- _WHAT NEEDS TO BE DONE_
The records come next. Copy all of them exactly.

- _INPUT FOR THIS TASK_
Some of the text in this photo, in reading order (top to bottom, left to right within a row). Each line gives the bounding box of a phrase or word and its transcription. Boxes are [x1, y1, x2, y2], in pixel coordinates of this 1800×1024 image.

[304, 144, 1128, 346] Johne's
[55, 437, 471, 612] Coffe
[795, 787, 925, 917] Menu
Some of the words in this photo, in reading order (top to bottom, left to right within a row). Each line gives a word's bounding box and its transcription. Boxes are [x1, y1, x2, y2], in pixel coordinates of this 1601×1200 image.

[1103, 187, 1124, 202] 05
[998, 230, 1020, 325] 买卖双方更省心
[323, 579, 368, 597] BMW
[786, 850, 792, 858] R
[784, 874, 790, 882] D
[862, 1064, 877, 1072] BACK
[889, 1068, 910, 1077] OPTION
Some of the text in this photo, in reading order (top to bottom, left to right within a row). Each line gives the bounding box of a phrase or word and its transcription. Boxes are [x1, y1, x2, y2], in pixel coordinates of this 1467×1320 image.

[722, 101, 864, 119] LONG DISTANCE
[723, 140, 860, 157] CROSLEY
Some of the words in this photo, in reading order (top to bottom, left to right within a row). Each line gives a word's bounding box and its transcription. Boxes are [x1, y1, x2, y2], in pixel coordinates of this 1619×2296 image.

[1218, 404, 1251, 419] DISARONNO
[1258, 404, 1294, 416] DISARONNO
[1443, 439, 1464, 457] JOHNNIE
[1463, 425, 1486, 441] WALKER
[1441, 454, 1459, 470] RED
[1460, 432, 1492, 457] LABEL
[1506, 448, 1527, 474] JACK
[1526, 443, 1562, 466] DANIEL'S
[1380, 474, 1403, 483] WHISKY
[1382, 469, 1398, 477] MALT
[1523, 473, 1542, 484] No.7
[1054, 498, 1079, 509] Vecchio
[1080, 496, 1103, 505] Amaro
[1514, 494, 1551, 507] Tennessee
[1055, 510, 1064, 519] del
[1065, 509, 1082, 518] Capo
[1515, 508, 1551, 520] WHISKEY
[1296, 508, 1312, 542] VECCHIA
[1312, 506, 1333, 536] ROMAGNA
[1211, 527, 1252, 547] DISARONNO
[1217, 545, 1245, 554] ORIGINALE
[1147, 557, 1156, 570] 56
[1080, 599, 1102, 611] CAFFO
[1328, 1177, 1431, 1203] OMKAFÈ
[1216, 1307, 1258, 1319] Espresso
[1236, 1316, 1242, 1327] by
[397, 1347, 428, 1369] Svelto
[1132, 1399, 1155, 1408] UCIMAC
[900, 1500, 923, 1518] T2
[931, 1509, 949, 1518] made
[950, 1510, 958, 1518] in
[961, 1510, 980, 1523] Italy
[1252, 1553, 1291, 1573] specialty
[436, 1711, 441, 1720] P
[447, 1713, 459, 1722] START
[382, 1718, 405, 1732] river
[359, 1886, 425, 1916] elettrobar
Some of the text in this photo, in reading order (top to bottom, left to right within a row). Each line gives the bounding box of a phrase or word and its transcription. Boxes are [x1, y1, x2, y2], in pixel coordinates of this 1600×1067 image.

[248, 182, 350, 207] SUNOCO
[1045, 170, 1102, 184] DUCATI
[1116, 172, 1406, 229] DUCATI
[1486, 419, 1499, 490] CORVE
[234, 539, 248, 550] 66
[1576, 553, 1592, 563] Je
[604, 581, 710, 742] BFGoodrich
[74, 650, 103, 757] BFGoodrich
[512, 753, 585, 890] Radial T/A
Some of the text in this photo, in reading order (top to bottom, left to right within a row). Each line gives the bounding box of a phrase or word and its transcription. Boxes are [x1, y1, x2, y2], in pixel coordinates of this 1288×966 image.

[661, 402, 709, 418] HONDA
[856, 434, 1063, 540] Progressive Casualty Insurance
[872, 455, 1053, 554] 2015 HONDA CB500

- _OUTPUT FOR THIS TASK_
Some of the text in this photo, in reading order (top to bottom, left to right within a row). Each line gives the bounding box of a phrase or word and its transcription. Boxes are [x1, y1, x2, y2], in pixel coordinates of this 1800×1024 image.

[304, 144, 1128, 346] Johne's
[55, 437, 471, 612] Coffe
[795, 787, 925, 917] Menu
Some of the words in this photo, in reading order (top to bottom, left to right within a row). Each line gives a word's bounding box and its transcription. Boxes are [x1, y1, x2, y2], in pixel coordinates of this 1601×1200 image.

[1103, 187, 1124, 202] 05
[998, 230, 1020, 325] 买卖双方更省心
[323, 579, 368, 597] BMW
[786, 850, 792, 858] R
[784, 874, 790, 882] D
[862, 1064, 877, 1072] BACK
[889, 1068, 910, 1077] OPTION
Some of the text in this photo, in reading order (top to bottom, left to right within a row). Each line gives the bounding box of a phrase or word and its transcription. Boxes are [x1, y1, x2, y2], in pixel coordinates of this 1467×1320 image.

[722, 101, 864, 119] LONG DISTANCE
[723, 140, 860, 157] CROSLEY
Some of the words in this photo, in reading order (top to bottom, left to right within a row). Each line gives a word's bounding box and its transcription. Boxes are [x1, y1, x2, y2], in pixel coordinates of this 1619×2296 image.

[1218, 404, 1251, 419] DISARONNO
[1258, 404, 1294, 416] DISARONNO
[1443, 439, 1464, 457] JOHNNIE
[1463, 425, 1486, 441] WALKER
[1441, 454, 1459, 470] RED
[1460, 432, 1492, 457] LABEL
[1506, 448, 1527, 474] JACK
[1526, 443, 1562, 466] DANIEL'S
[1380, 474, 1403, 483] WHISKY
[1382, 469, 1398, 477] MALT
[1523, 473, 1542, 484] No.7
[1054, 498, 1079, 509] Vecchio
[1080, 496, 1103, 505] Amaro
[1514, 494, 1551, 507] Tennessee
[1055, 510, 1064, 519] del
[1065, 509, 1082, 518] Capo
[1515, 508, 1551, 520] WHISKEY
[1296, 508, 1312, 542] VECCHIA
[1312, 506, 1333, 536] ROMAGNA
[1211, 527, 1252, 547] DISARONNO
[1217, 545, 1245, 554] ORIGINALE
[1147, 557, 1156, 570] 56
[1080, 599, 1102, 611] CAFFO
[1328, 1177, 1431, 1203] OMKAFÈ
[1216, 1307, 1258, 1319] Espresso
[1236, 1316, 1242, 1327] by
[397, 1347, 428, 1369] Svelto
[1132, 1399, 1155, 1408] UCIMAC
[900, 1500, 923, 1518] T2
[931, 1509, 949, 1518] made
[950, 1510, 958, 1518] in
[961, 1510, 980, 1523] Italy
[1252, 1553, 1291, 1573] specialty
[436, 1711, 441, 1720] P
[447, 1713, 459, 1722] START
[382, 1718, 405, 1732] river
[359, 1886, 425, 1916] elettrobar
Some of the text in this photo, in reading order (top to bottom, left to right within a row). Each line gives the bounding box of a phrase or word and its transcription. Boxes are [x1, y1, x2, y2], in pixel coordinates of this 1600×1067 image.

[248, 182, 350, 207] SUNOCO
[1045, 170, 1102, 184] DUCATI
[1116, 172, 1406, 229] DUCATI
[1486, 419, 1499, 490] CORVE
[234, 539, 248, 550] 66
[1576, 553, 1592, 563] Je
[604, 581, 710, 742] BFGoodrich
[74, 650, 103, 757] BFGoodrich
[512, 753, 585, 890] Radial T/A
Some of the text in this photo, in reading order (top to bottom, left to right within a row). Each line gives the bounding box of a phrase or word and its transcription. Boxes are [x1, y1, x2, y2], in pixel coordinates of this 1288×966 image.

[661, 402, 709, 418] HONDA
[856, 434, 1063, 540] Progressive Casualty Insurance
[872, 455, 1053, 554] 2015 HONDA CB500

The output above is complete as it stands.